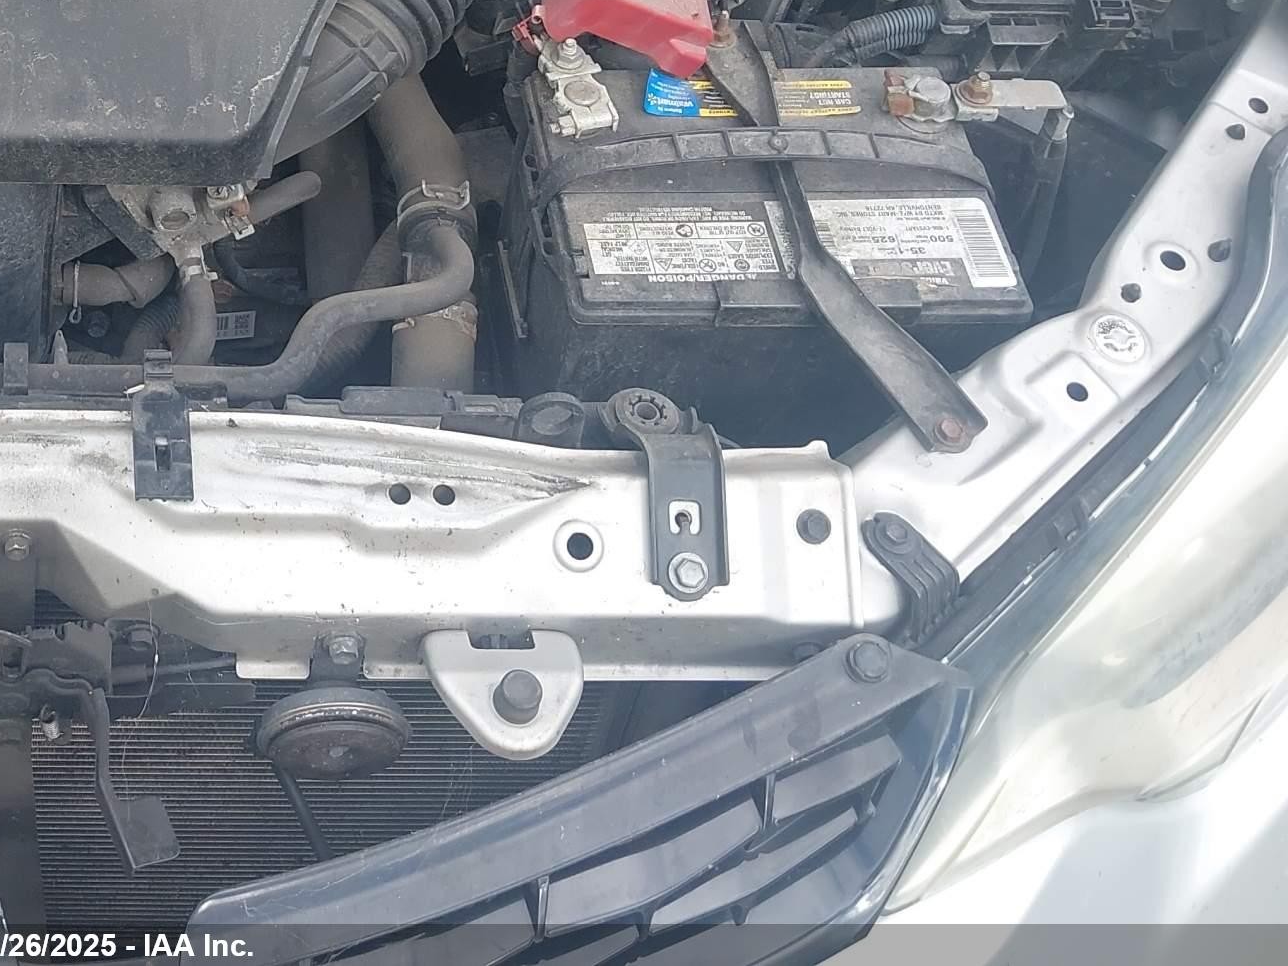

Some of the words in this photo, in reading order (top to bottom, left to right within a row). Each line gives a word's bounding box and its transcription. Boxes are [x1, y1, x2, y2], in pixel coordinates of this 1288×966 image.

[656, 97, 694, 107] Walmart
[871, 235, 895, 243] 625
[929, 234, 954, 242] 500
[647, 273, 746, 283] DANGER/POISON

★ ★ ★

### PROBLEM DESCRIPTION
In your copy, include no pictures, but reproduce all records exactly.

### SOLUTION TO THIS EXERCISE
Some of the words in this photo, in reading order (top to bottom, left to right within a row). Each line gives a word's bounding box and its transcription. Boxes are [x1, y1, x2, y2], in pixel coordinates of this 1288×966 image.

[656, 97, 694, 107] Walmart
[871, 235, 895, 243] 625
[929, 234, 954, 242] 500
[647, 273, 746, 283] DANGER/POISON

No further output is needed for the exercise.